Alaska’s natural beauty is very inviting despite its reputation as one of the most expensive states in America.

  • Living Costs: With a cost of living index of 127, this state’s expenses are 30% higher than the American average.
  • Housing: An average house in Alaska costs almost $300,600, which is very expensive even though most residents earn high salaries.
  • Healthcare: Medical services charge residents high prices for proper care, and only a few are eligible for low-cost insurance if they meet specific requirements.
  • Education: Unlike other indexes, education expenses in Alaska are lower than the national average.
  • Transportation: Alaska’s geographical position is remote, and residents’ access to transportation is limited, except for car rentals and railroad services.


Although Maryland is not a large state, it is densely populated, and the community is culture-oriented. However, residents are not particularly fond of the state’s high expenses.

  • Living Costs: Despite most Maryland residents earning good salaries and the state’s low poverty levels, it received a COLI of 124.
  • Housing: Although many state residents are homeowners, the average house price, around $366,580, is still considered high.
  • Healthcare: The health insurance coverage in this state is above 20% higher than the national average.
  • Education: Another factor that places Maryland on the list of the top 10 most expensive states to live in is the higher-than-US-average college education tuition.
  • Transportation: Due to the state’s costly vehicle registration fees, residents often ride in local buses to get from one place to another.


Connecticut River

Connecticut is a state with small cities and quiet rural areas, but it fails to provide affordable living conditions for its residents.

  • Living Costs: Expensive utilities have resulted in this state’s cost of living index reaching 121.6.
  • Housing: Despite most residents earning high wages, the price for an average home in Connecticut, $318,096, is costly when compared to other areas.
  • Healthcare: Health insurance costs in this state vary depending on the plan people choose for their specific health conditions.
  • Education: Although the state offers free programs for college attendees aged over 62, Connecticut’s education tuition is higher than the national average.
  • Transportation: Gas prices and vehicle maintenance costs in this state fluctuate and increase often, forcing residents to rely on public transport.

Rhode Island

Rhode Island is a history-rich state with beautiful beaches and magnificent scenery. But living comfortably here can cost residents a lot of money.

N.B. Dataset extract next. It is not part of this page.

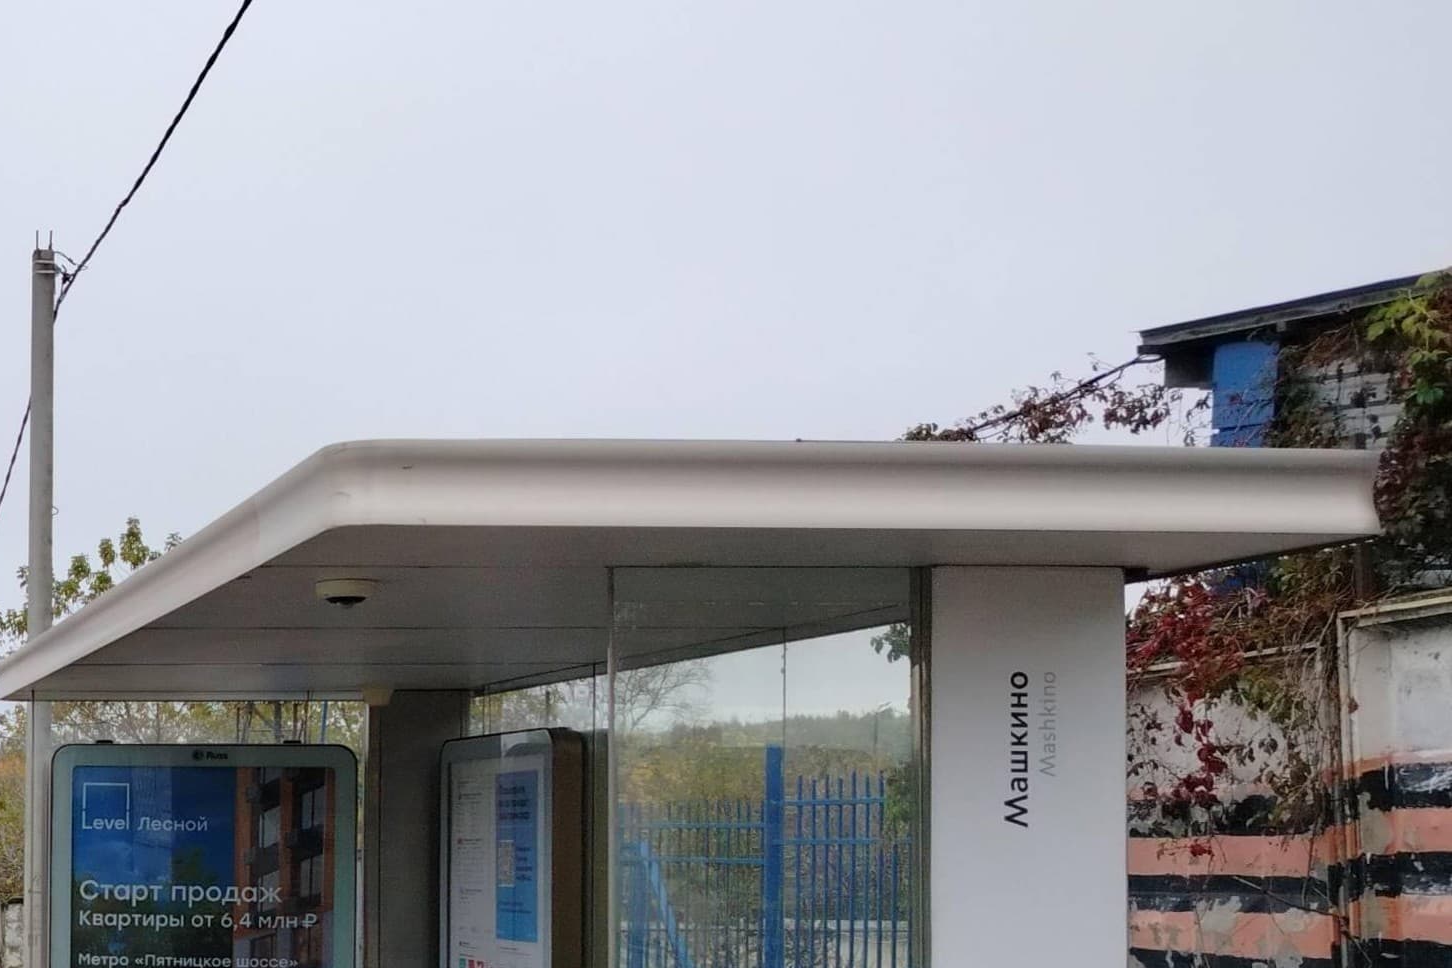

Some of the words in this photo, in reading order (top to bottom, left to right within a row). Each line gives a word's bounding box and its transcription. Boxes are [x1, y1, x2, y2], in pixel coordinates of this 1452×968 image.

  • Living Costs: The state’s cost of living index is 117.2, and the community mostly struggles to pay for expensive utilities.
  • Housing: A family can purchase a home for around $372,800, which is over 20% higher than the US average.
  • Healthcare: Low-income residents can receive insurance for free, but others have to pay high monthly amounts.
  • Education: Rhode Island residents pay a two times lower education tuition than international students.
  • Transportation: Bus services are very affordable in this state, unlike the continuously increasing gas prices.


Vermont’s rural atmosphere is comforting for many. But its living expenses are as high as those of the mountains.

  • Living Costs: With a COLI of 117, Vermont’s living costs are 17% higher than the United States average.
  • Housing: Houses in this area cost around $300,000, which is why only 15% of residents are homeowners.
  • Healthcare: This state offers many options for free or low-cost healthcare plans if residents are qualified.
  • Education: Vermont’s private high school and university students pay high tuition and comprehensive fees.
  • Transportation: The state’s transportation expenses are lower than the national average and don’t contribute to increased living costs.


To discover how expensive it is to live in a particular state, we relied on the cost of living index (COLI) in each one on this list. The data helped us determine which states exceed 100.